9 thoughts on “About Me

  1. Hello Benji,
    Recently I have watched Landscape Artist of Year and I loved your piece! I thought your process of using bleach and ink was fascinating, and the use of ink reminded me of my own work. I am currently studying A levels in Fine Art, Photography and sociology at Ludlow college.
    I would be thankful if you could tell me about the process and techniques of using bleach because I would love to incorporate this in my work for my latest project, based on walking in Fine art!
    Kindest regards,
    Gemma Moore 😀


    1. Hi Gemma, great to hear from you! Strange giving tips to an A level student I’m barely out of school myself! The ink and bleach thing I found out about in school and just sort of developed my own take on it. You need Quink Parker refill ink for it to work, a couple other pigments bleach as well, and then just some household bleach! I just sort of mucked around with it till I got some interesting results, it really is a versatile medium. All I’ll say is for gods sake don’t leave your brushes in bleach overnight or they’ll dissolve…apart from that just experiment with it! do you have any work I could take a look at? 🙂

      All the best,


  2. Can’t believe you didn’t get to the final. Your work was head and shoulders above the rest and the judges should book in for eye tests immediately! Where Can I see more of your work in the flesh? Do you do commissions? Nick Jones


    1. Reading your comment put a smile on my face Nick haha. Is what it is but had a great time! In terms of in the flesh there is an exhibition of my work coming up in January at the Old Bank Gallery in Hayes my local area:)


  3. Hi Benji, like the other two I was impressed with you work on Landscape artist. However I tried this with Quink and bleach at home and couldn’t stop the ink from bleaching out the whole piece. I looked at my piece, liked it, left it and then later it was all gone. Other online chat seems to suggest that bleach will ultimately eat through the paper. Any thoughts on these two problems?


    1. Hi Steve,

      Thanks very much I’m glad you enjoyed the show! Yes ink and bleach is an inherently unpredictable medium, partially why I like it. In terms of the bleach eating through the paper I haven’t had that issue yet, though I am aware that my work might not be “archivable” to the same degree as a lot of painted work. My submission piece for the show I did almost a year ago and its showing no sign of crumbling away, happily.
      I do get a bit of fading but Ive never come back to it and its all gone! Interested to know how you managed that! How did you apply the bleach? I use Domestos thick bleach and standard black refill Quink.



  4. Hi Benji

    Just thought I’d let you know I’m really liking your work hanging in The Old Bank Gallery. Very interesting indeed. I teach there once a week so it’s great to have my students inspired by the lovely pieces. It’s a fascinating use of materials and I think it’s helped my students to be bolder in what they paint – the usual story of art classes stiffness. Be brave ladies, be brave! I shall be sorry when the work is taken down as it always cheers me up.
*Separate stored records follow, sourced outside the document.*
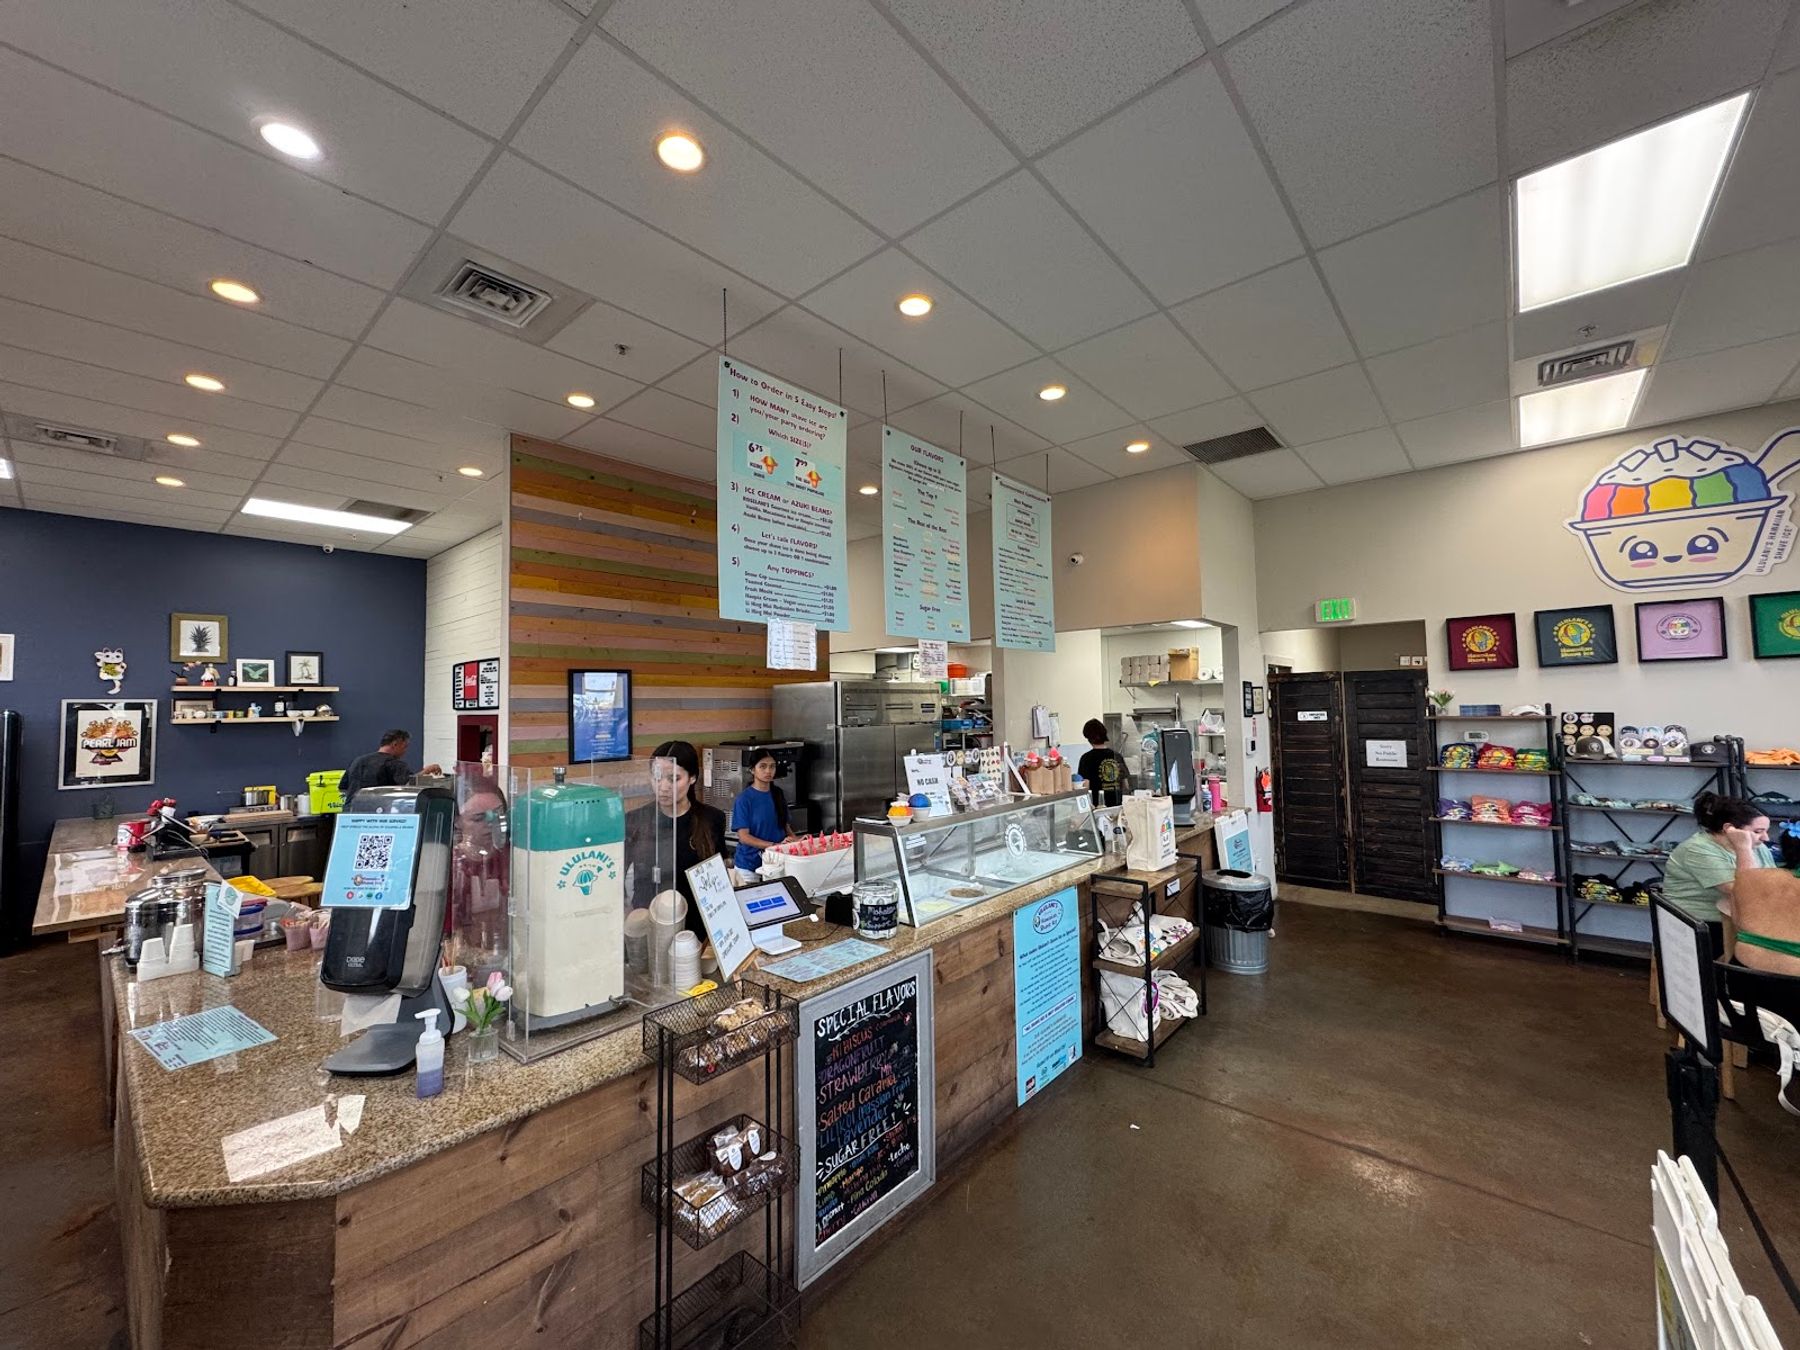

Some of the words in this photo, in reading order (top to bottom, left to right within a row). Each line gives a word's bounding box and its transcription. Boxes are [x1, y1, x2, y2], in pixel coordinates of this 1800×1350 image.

[730, 368, 748, 382] How
[751, 378, 758, 386] to
[761, 382, 784, 396] Order
[786, 392, 793, 400] in
[801, 398, 816, 412] Easy
[732, 388, 740, 399] 1)
[750, 394, 768, 406] HOW
[770, 402, 790, 415] MANY
[731, 413, 740, 424] 2)
[780, 418, 797, 430] party
[768, 428, 788, 441] Which
[730, 482, 738, 492] 3)
[745, 486, 755, 495] ICE
[758, 490, 780, 502] CREAM
[791, 500, 810, 510] AZUKI
[731, 524, 740, 534] 4)
[762, 531, 776, 540] Let's
[1755, 541, 1774, 572] ULULANI'S
[1768, 510, 1785, 540] HAWAIIAN
[1774, 540, 1788, 559] SHAVE
[731, 557, 740, 567] 5)
[767, 564, 779, 574] Any
[1322, 598, 1349, 621] EXIT
[83, 739, 113, 748] PEARL
[116, 738, 136, 747] JAM
[560, 850, 615, 876] ULULANI'S
[817, 1001, 870, 1037] SPECIAL
[873, 980, 916, 1012] FLAVORS
[832, 1026, 873, 1060] HIBISCUS
[820, 1036, 885, 1082] DRAGONFRUIT
[819, 1051, 888, 1104] STRAWBERRY
[818, 1093, 856, 1132] Salted
[838, 1104, 888, 1148] Lavender
[825, 1142, 860, 1173] SUGAR
[860, 1112, 896, 1148] FREE!
    There’s one I particularly like. The study for your larger one of the figure walking by the dry stone wall. I might be interested in taking that off your hands!

    Anyway, all power to you and I look forward to your future works

    All best wishes



    1. Hi Ian,

      Apologies for not replying sooner I somehow missed your previous email. Thank you very much, very kind words. 🙂 That’s fantastic that my work has had some impact on the people coming in, the classes being a captive audience of sorts! ha. Yes sadly the work is coming down this coming Monday, but my work is available for sale afterwards anyway, just message me through the contact form on my website! Would be glad to send the Nomad Study your way.